In this proof of concept study, we excluded patients with severe COPD as we were interested
in whether VTF could be used as a tool to identify the pulmonary vascular abnormalities
in the absence of severe parenchymal destruction and chronic hypoxia. The investigation
of VTF utility in more advanced lung disease is therefore needed. In our study, VTF
was measured only under resting conditions, yet the measurement of VTF with exercise
may provide additional diagnostic power, and thus should be evaluated in future studies.

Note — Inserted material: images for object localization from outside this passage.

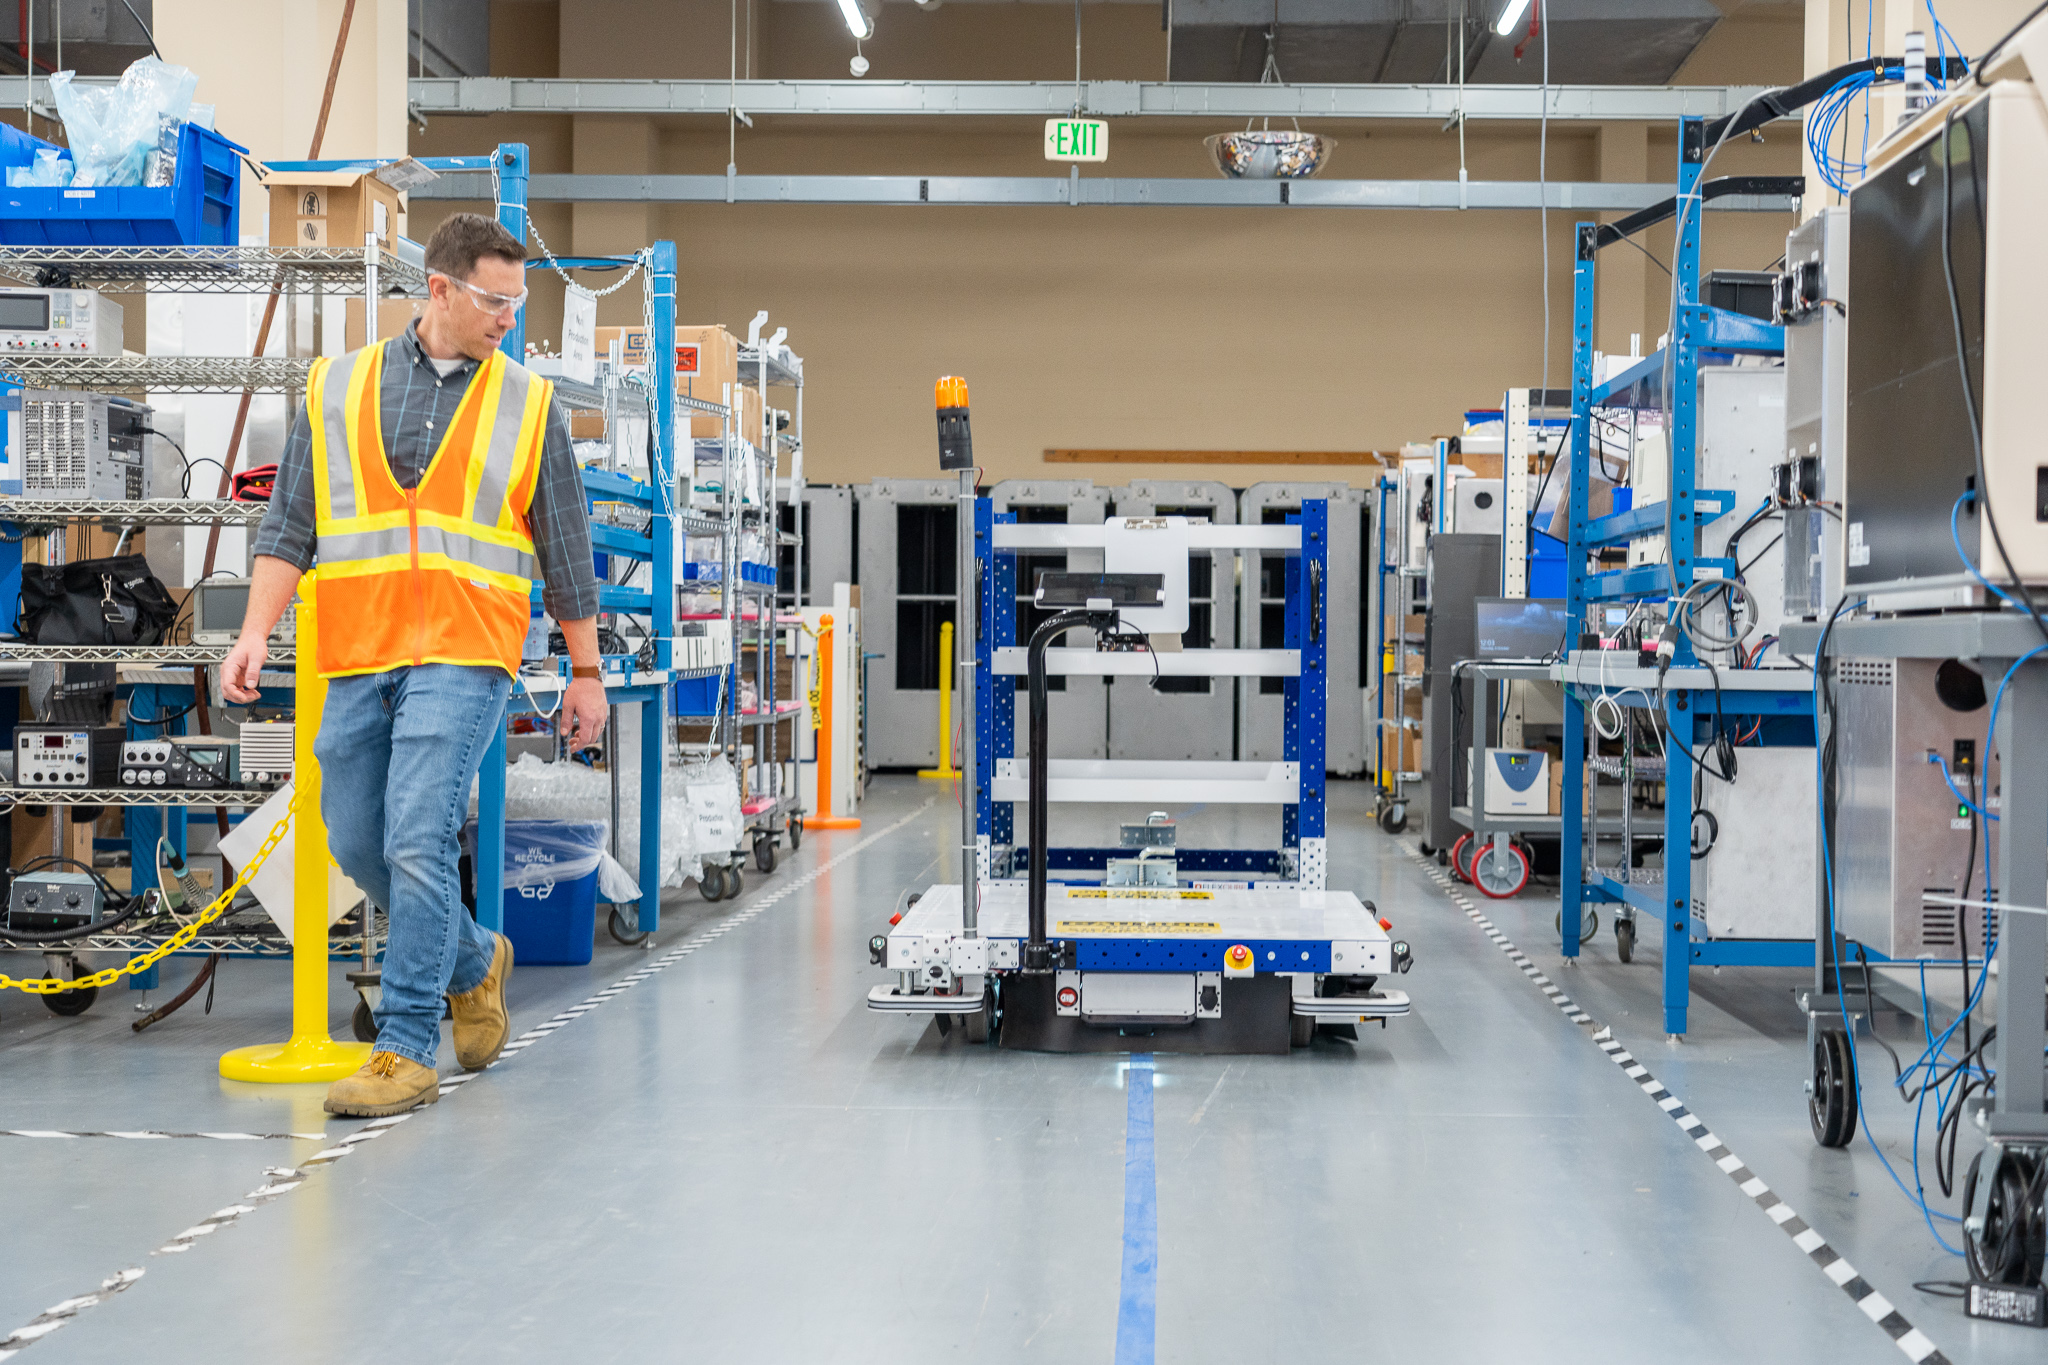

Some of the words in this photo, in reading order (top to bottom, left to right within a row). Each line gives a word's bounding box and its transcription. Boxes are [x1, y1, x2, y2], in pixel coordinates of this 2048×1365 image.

[1057, 122, 1100, 156] EXIT
[567, 328, 589, 346] Production
[710, 828, 722, 836] Area
[528, 847, 543, 855] WE
[514, 854, 556, 863] RECYCLE
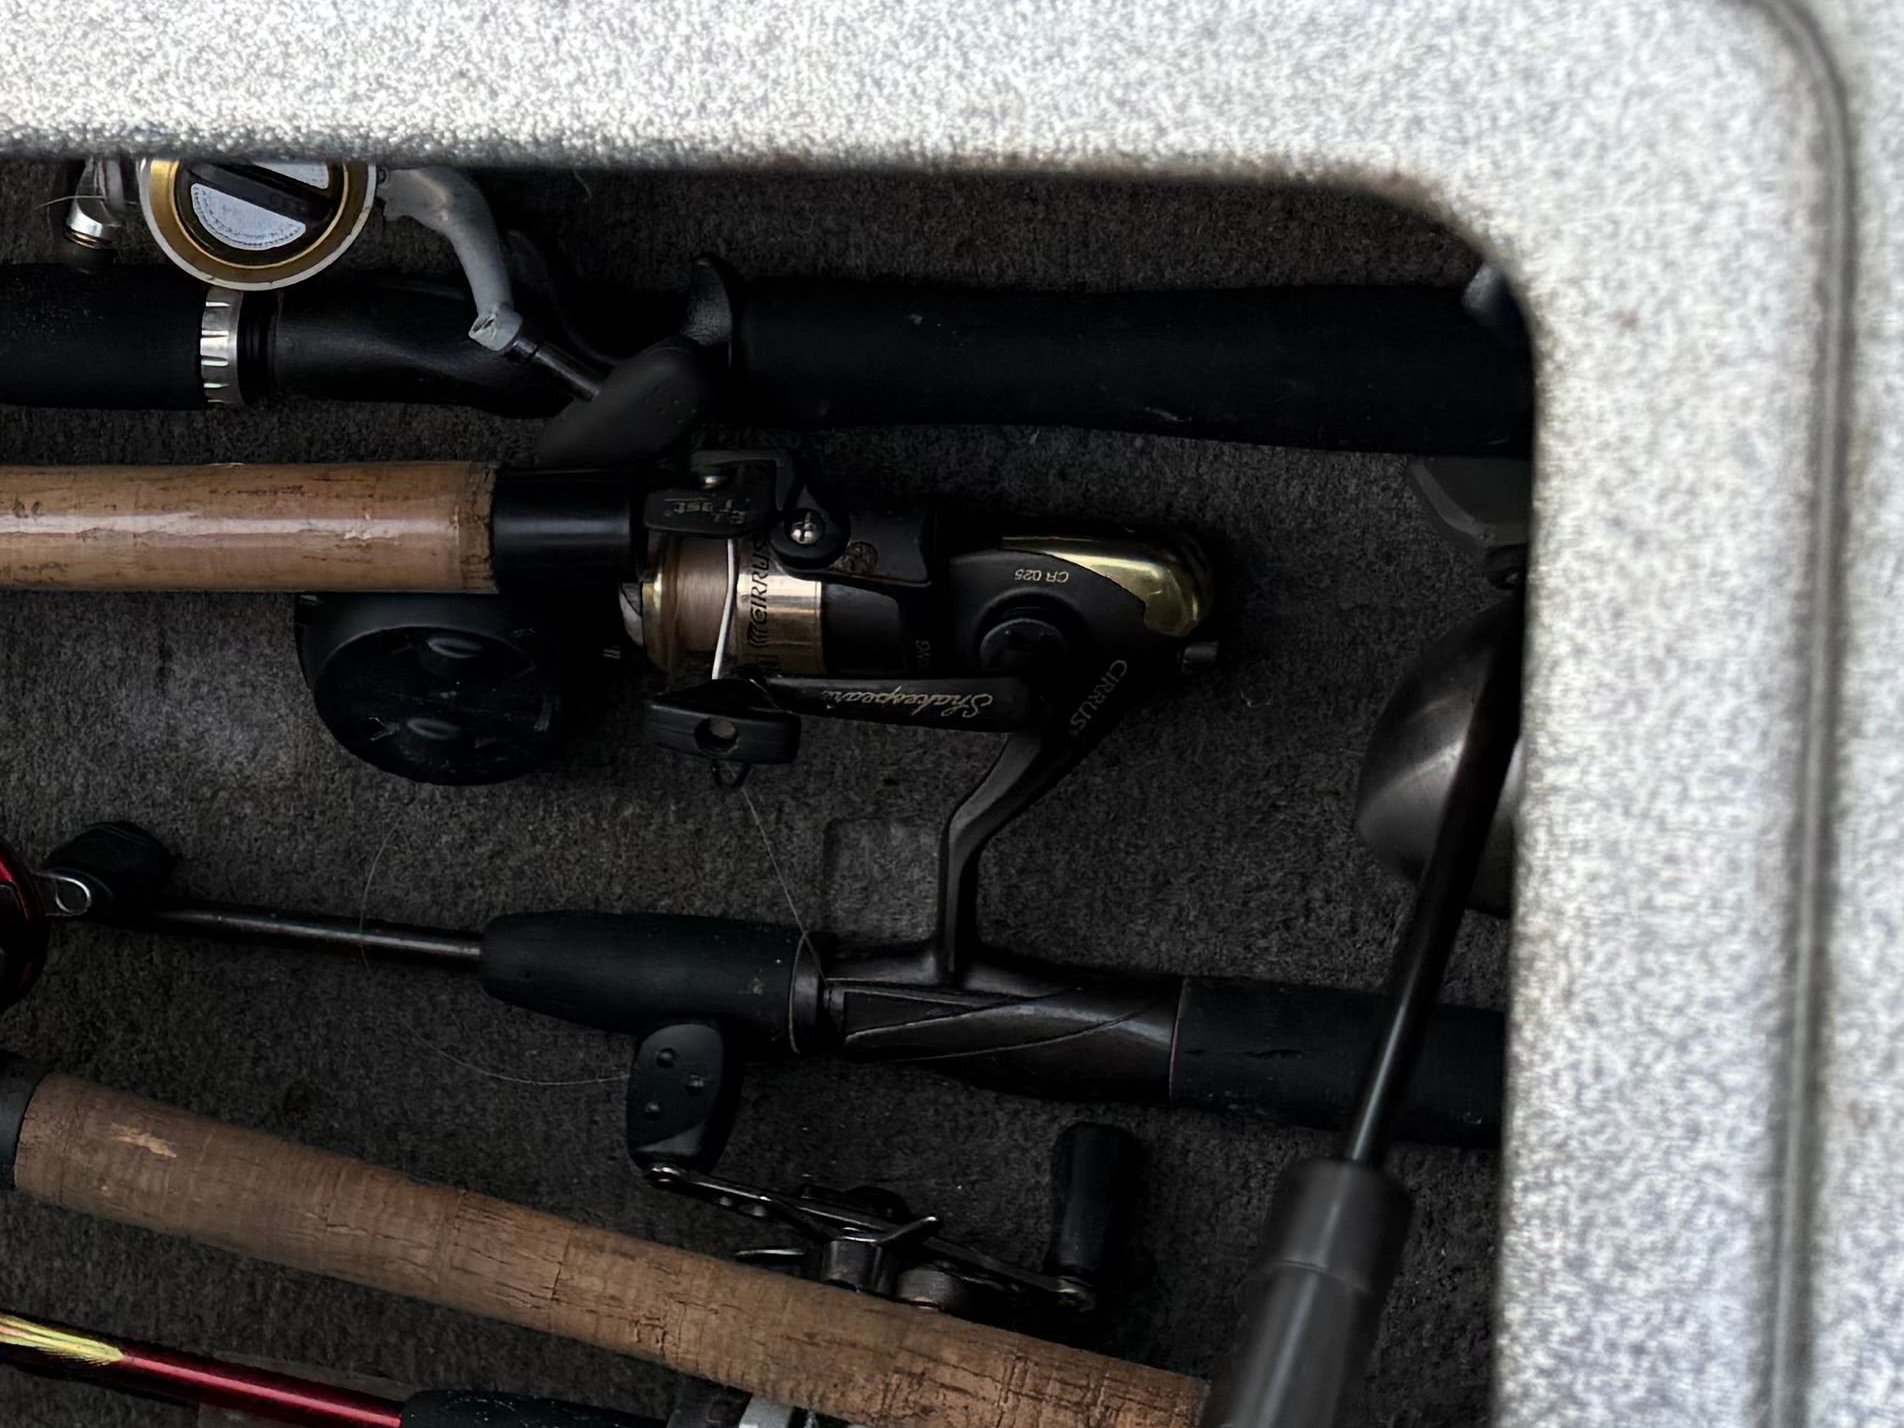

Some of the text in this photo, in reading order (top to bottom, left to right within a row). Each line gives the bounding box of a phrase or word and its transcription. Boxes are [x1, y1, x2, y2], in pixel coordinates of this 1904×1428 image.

[1047, 569, 1069, 582] CR
[821, 689, 993, 719] Shakespeare
[1070, 660, 1128, 732] CIRRUS

Because we measured VTF in the RPA, any heterogeneity in vessel impedance and stiffness
in the pulmonary vasculature could be missed by this technique. Further research is
needed to utilize VTF in the main PA and left PA for assessment of heterogeneity in
vessel impedance.
Conclusion
In conclusion, measurement of the mean high-frequency modulus (MHFM) of the VTF, a
non-invasive marker of PVR, is associated with impairments in exercise capacity and
RV remodeling in a cohort of mild-to-moderate COPD. Therefore, VTF could be a valuable
tool for characterizing pulmonary vascular disease among COPD patients. However, further
research is required for accurate evaluation of the VTF application in COPD.